Just wanted to reach out for a bit of advice!
I am 36 weeks pregnant today (yay) however having many MANY internal battles.
My partner and I have been fighting on and off during this relationship. Currently it's been mostly good but I find myself instantly becoming depressed and anxious due to one particular event in our relationship.
At one point in our relationship, we were fighting so much that my partner went to a female coworkers apartment after work for about 30-40 mins he estimates before coming home because he said he didn't want to face me after all the fighting. He said he never did anything and he vented to her partially before realising this was wrong and needed to come home to talk to me about it not her.

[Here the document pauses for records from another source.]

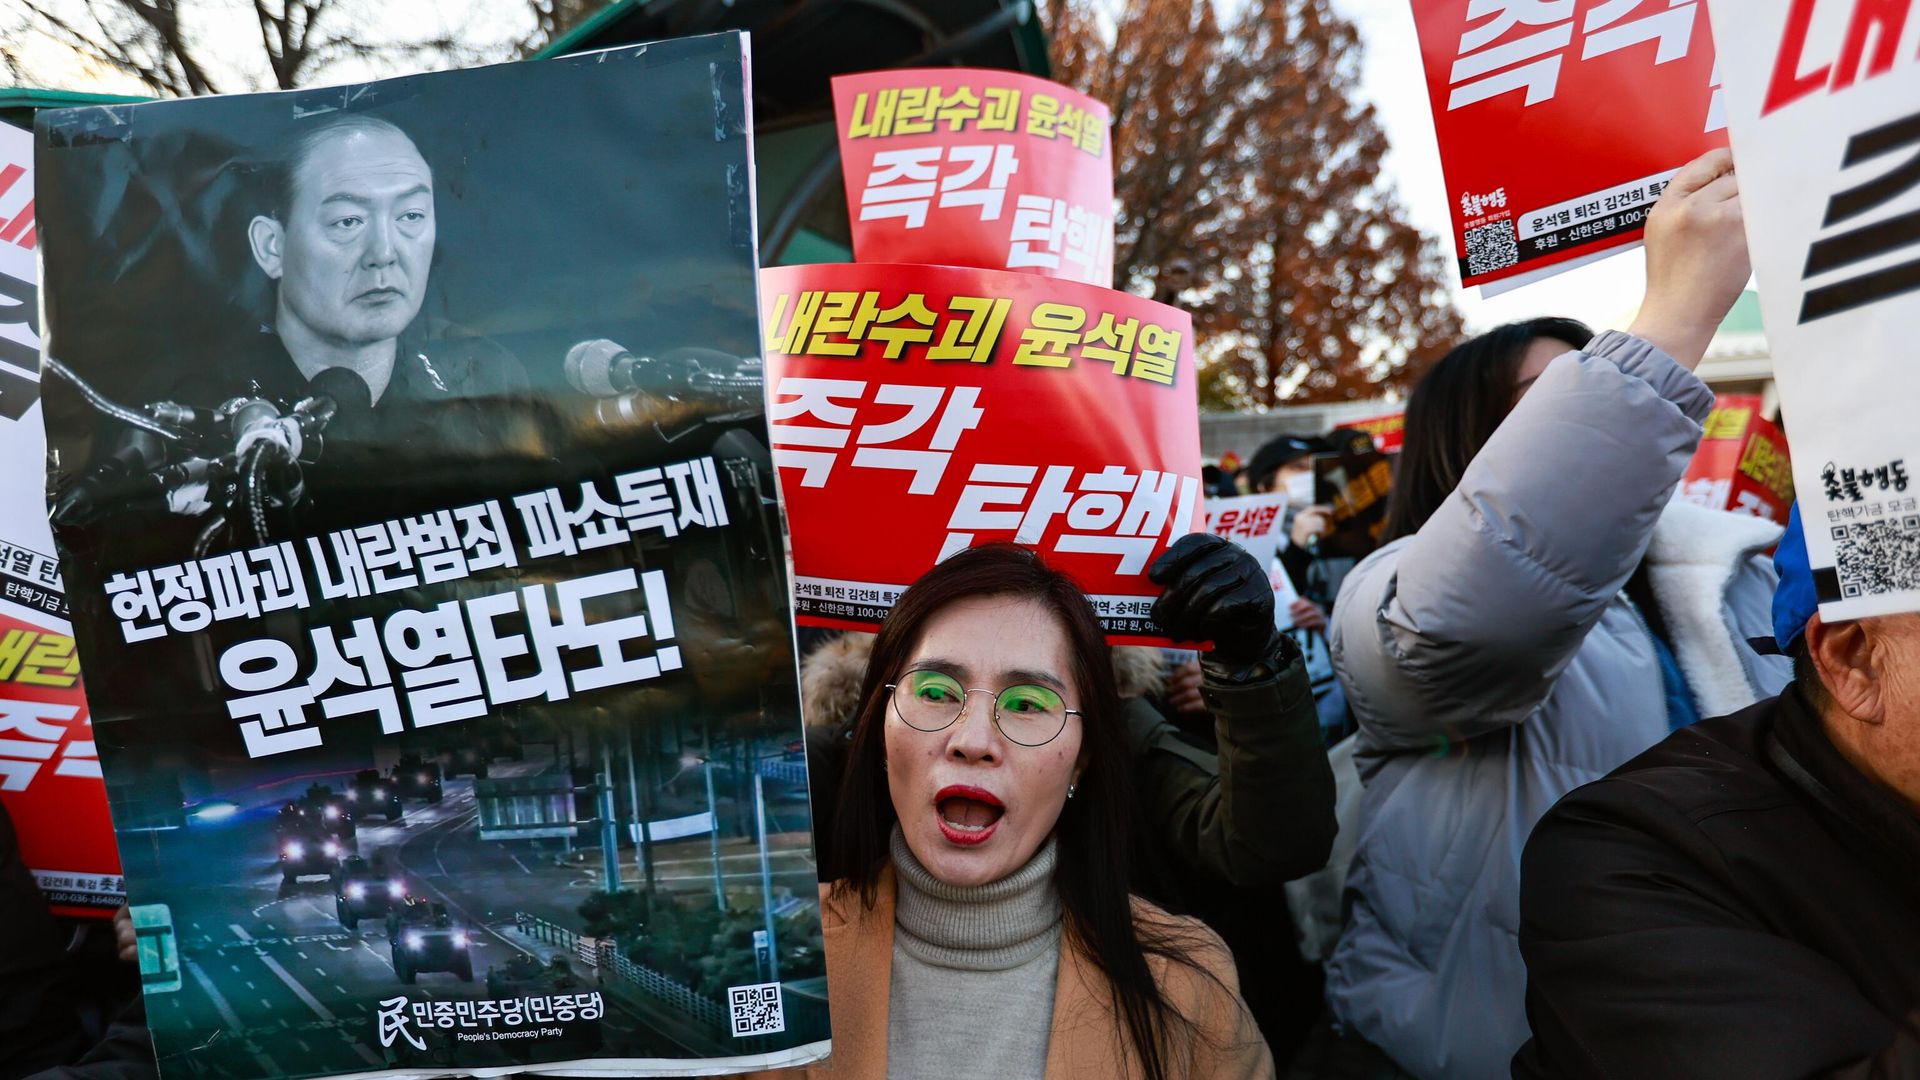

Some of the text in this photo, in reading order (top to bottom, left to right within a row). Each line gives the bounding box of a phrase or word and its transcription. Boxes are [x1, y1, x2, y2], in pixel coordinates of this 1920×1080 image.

[848, 86, 1105, 157] 내란수괴 윤석열
[859, 144, 1019, 229] 즉각
[1460, 187, 1507, 216] 촛불행동
[1532, 210, 1570, 232] 윤석열
[1574, 200, 1600, 219] 퇴진
[1604, 187, 1645, 211] 김건희
[1534, 234, 1558, 250] 후원
[1569, 216, 1615, 241] 신한은행
[766, 291, 1181, 385] 내란수괴 윤석열
[771, 377, 985, 496] 즉각
[1821, 459, 1909, 502] 촛불행동
[935, 463, 1198, 575] 탄핵!
[1827, 498, 1916, 522] 탄핵기금 모금
[104, 455, 730, 644] 헌정파괴 내란범죄 파쇼독재
[5, 582, 60, 612] 탄핵기금
[819, 602, 855, 616] 신한은행
[825, 586, 845, 599] 퇴진
[848, 589, 879, 602] 김건희
[1112, 621, 1126, 630] 1만
[1129, 621, 1142, 632] 원,
[218, 569, 684, 759] 윤석열타도!
[377, 996, 427, 1050] 民
[412, 992, 604, 1028] 민중민주당(민중당)
[457, 1028, 563, 1042] People's Democracy Party
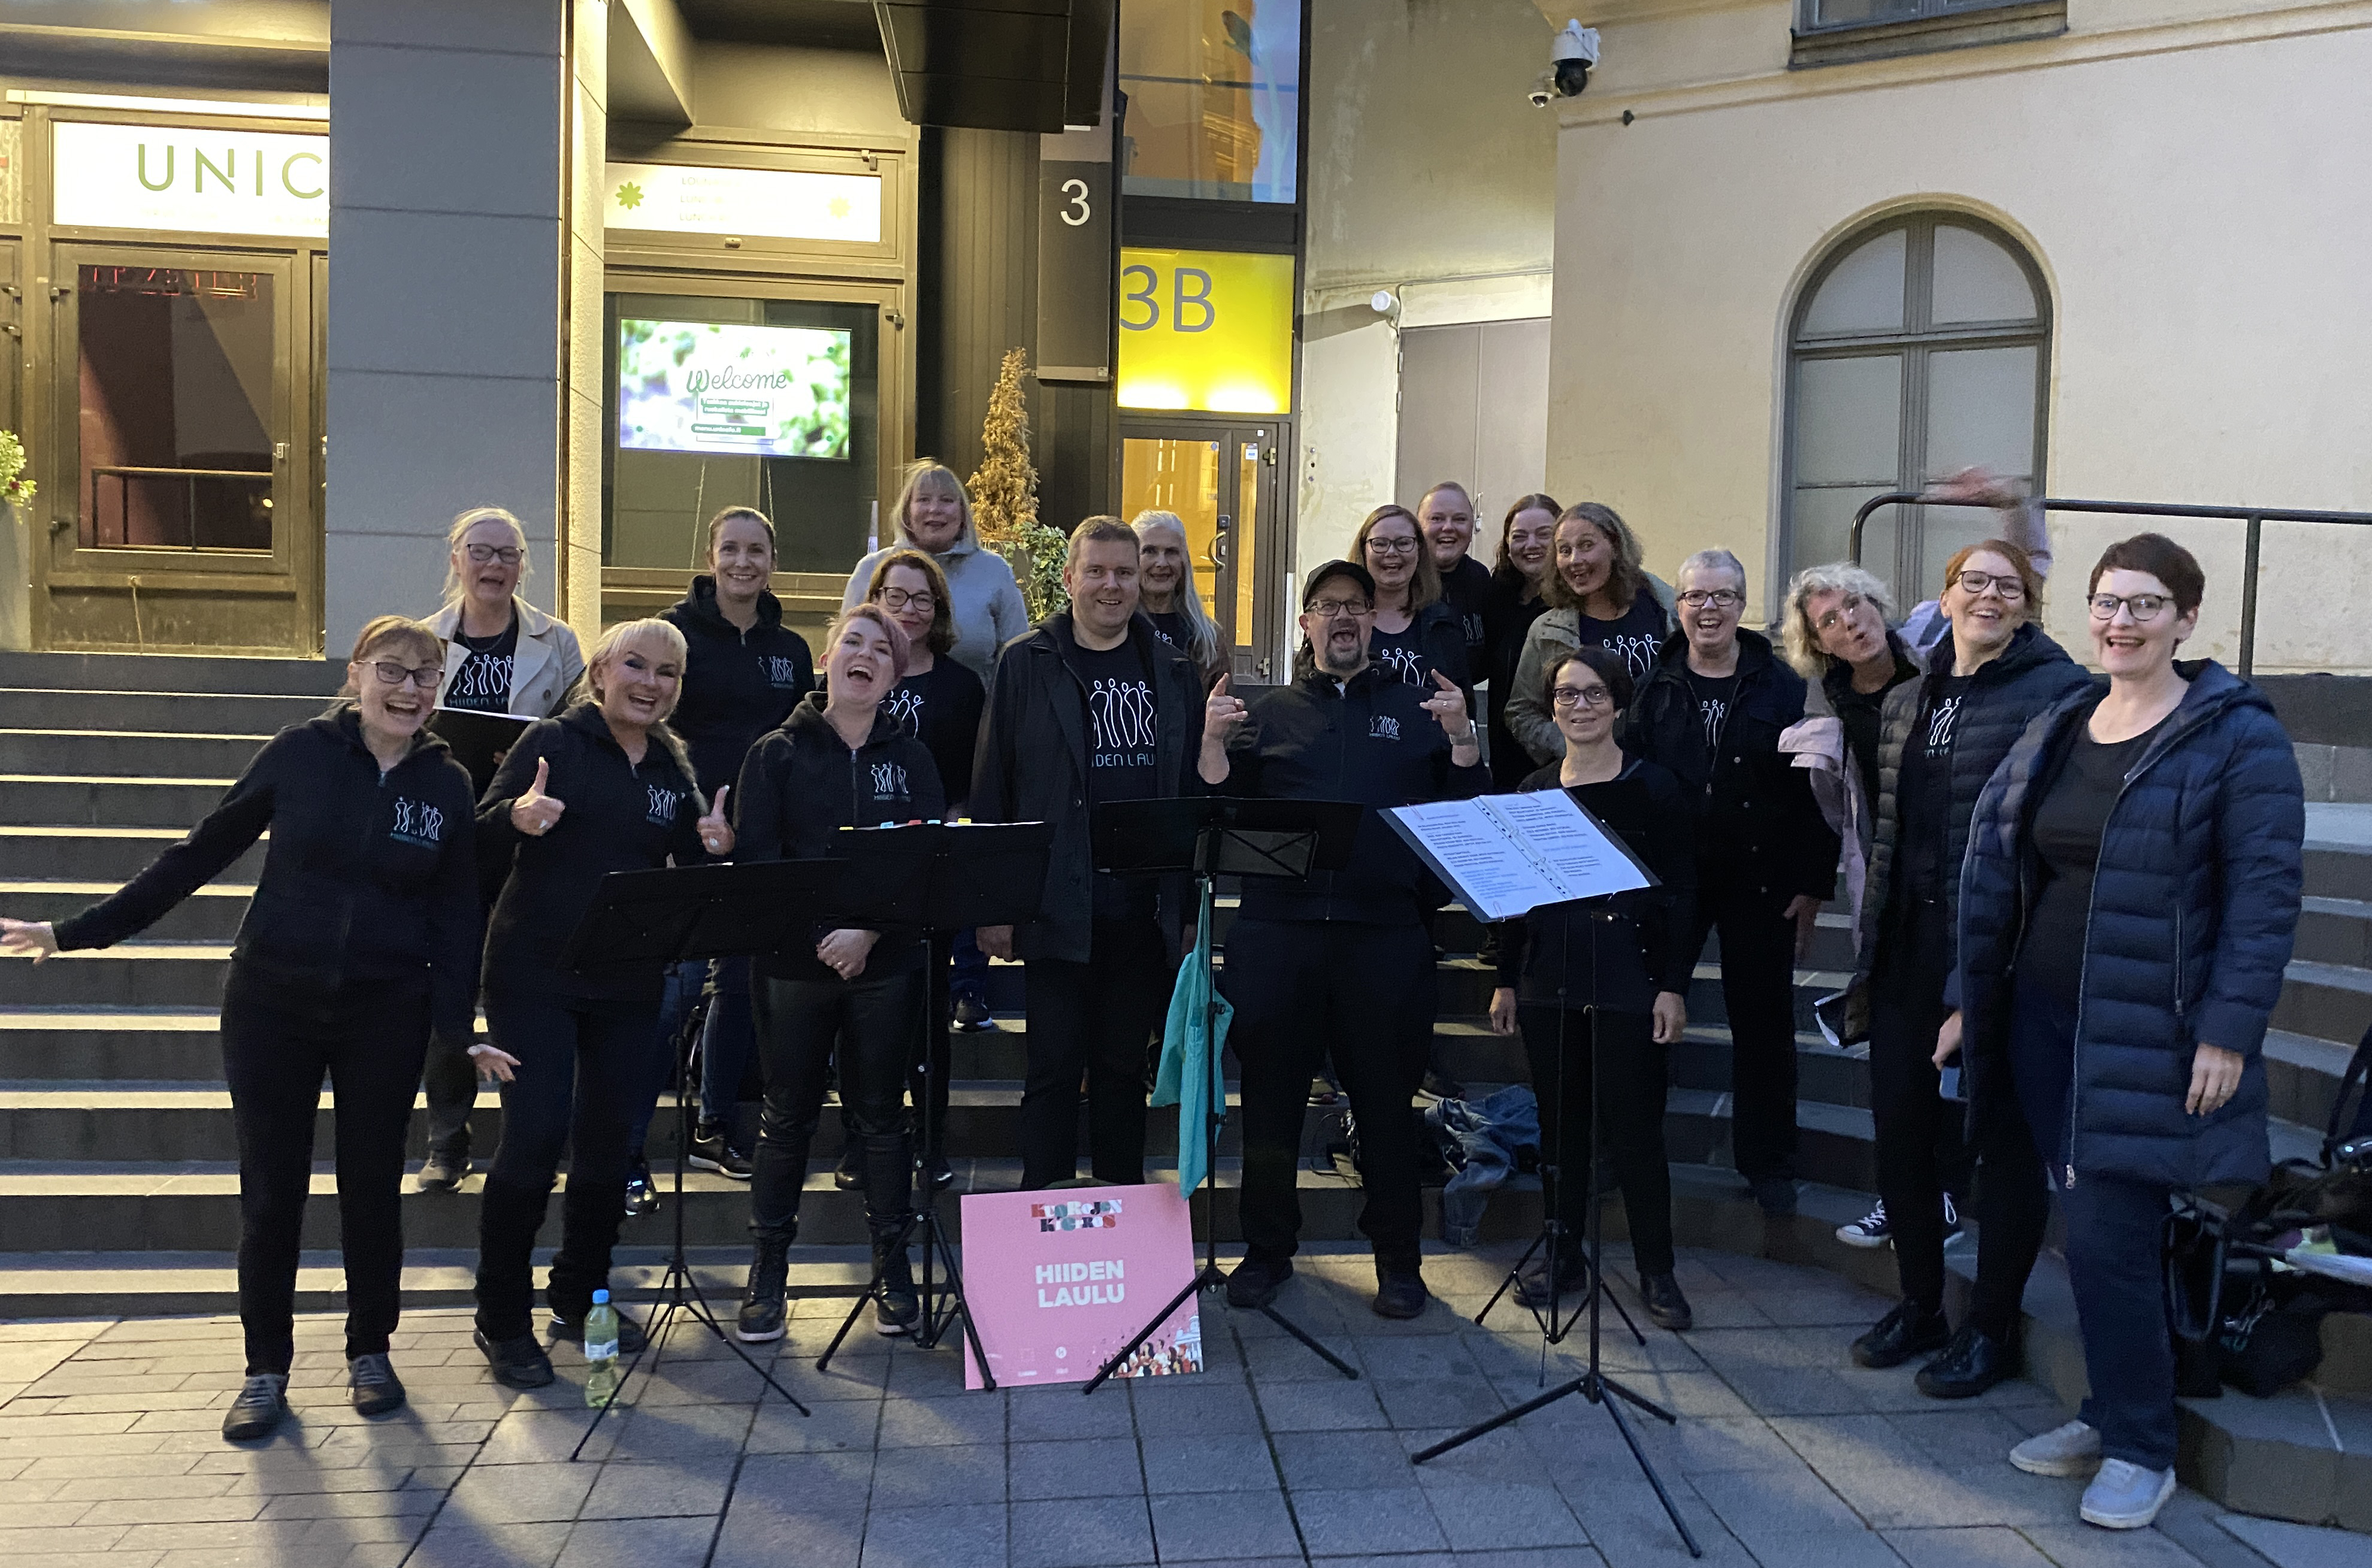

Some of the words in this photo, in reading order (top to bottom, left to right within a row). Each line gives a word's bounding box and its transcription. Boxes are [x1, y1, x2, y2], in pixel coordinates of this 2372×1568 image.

[138, 143, 325, 199] UNIC
[1060, 178, 1091, 226] 3
[1120, 264, 1216, 333] 3B
[686, 365, 787, 393] Welcome
[1035, 1260, 1124, 1285] HIIDEN
[1038, 1282, 1125, 1308] LAULU

Ever since this incident, it's been on my mind whether he has been unfaithful to me not only during this incident but any time in the past too. There have been no other incidences like this that would possibly be a cause for concern so I should technically trust him but for some reason it's playing on my mind constantly and affects my mood almost instantly where one second I am as high as a kite then feel like my whole world is broken.
This is where the internal battle comes in.
On one hand my gut tells me he has done something unfaithful. On the other hand, there is no evidence he has been unfaithful. I have brought this up with him several times and he denies it profusely. I should just leave it to rest shouldn't I? But my stupid brain won't accept that as an answer especially as he can be very defensive and hostile about it. I feel like I will constantly think he is lying until he actually admits to cheating even if he hasn't! What is wrong with me?! Ahhhh!
I am always trying to look out for myself as I have been in bad relationships in the past but sometimes I jeopardise something good due to fear alone.
I don't know if it's my hormones in my third trimester or whether I am just simply going bat-shit crazy but it is tearing me apart and is also really not fair on my partner too to go through these dramatic ups and downs.
I just wanted some other mums to maybe contribute some rational advice because my brain clearly is not all there at the moment and the last thing I want to do is let my stupid brain ruin something that is meant to be so magical.